If what you’re doing is not getting good results, no matter how hard you try, will you agree that doing something different might produce a better result? If you can do that mind-shift, it means you are teachable…  we can take the same amount of sincere effort you’ve been faithful to offer, put it to work with something different, and get the results you want.

 Try… maybethis: There are myriad issues that we face in marriage, and efforts that we think should work that are dysfunctional. If we can’t seem to get the issues  resolved (out of our space… see the last post), we need to look at WHAT we’re doing and make some changes. This is where a good counselor or coach can be a BIG help! But, the best place to find out what to do differently is to ask the expert… that’s your spouse! ASK THEM… and LISTEN… then ask, “What would that look like to you?” ($1,000,000 question).
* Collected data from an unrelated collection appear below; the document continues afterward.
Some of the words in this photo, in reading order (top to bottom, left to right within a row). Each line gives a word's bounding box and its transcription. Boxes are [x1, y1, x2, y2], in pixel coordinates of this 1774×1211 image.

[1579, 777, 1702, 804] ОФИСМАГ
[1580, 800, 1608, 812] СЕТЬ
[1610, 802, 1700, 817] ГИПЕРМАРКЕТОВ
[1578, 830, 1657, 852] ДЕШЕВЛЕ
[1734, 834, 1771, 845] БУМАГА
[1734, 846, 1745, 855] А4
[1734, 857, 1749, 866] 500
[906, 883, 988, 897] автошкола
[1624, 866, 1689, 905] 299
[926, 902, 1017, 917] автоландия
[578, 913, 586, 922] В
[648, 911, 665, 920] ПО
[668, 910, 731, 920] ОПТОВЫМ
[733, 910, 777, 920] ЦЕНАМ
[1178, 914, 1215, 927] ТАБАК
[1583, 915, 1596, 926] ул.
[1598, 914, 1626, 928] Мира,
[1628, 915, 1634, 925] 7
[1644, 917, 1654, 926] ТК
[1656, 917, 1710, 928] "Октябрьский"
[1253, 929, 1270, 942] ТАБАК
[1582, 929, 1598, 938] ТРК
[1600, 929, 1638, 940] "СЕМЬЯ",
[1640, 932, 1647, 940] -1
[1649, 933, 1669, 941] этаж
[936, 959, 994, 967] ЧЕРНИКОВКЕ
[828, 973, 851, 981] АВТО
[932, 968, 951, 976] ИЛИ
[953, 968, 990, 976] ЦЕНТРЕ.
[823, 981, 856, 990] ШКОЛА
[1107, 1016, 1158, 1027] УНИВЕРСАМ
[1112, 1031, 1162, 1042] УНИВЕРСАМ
You cannot put yourself into their shoes… those shoes won’t fit! Stop trying to understand and start trying to do what they say. Understanding or “making sense” out of their needs is not the goal… that doesn’t matter… it’s doing the right thing that matters… it’s getting results that matters. When your partner tells you what they want… what they are missing… always ask them, “What would that look like?”
Then go to, “What do WE need to do to make that happen for you? I WANT that for you!”

NOW you’re talkin MY language!!

 If you’re having trouble making your spouse feel connected, or respected. Drop me an email jbeardduck@earthlink.net and we’ll take a look at it.

 Maybe the next post: Communication styles… they’re so different!

 Blessings,
Jim

Six Simple Steps to Get Unresolved Issues Out of Your Space!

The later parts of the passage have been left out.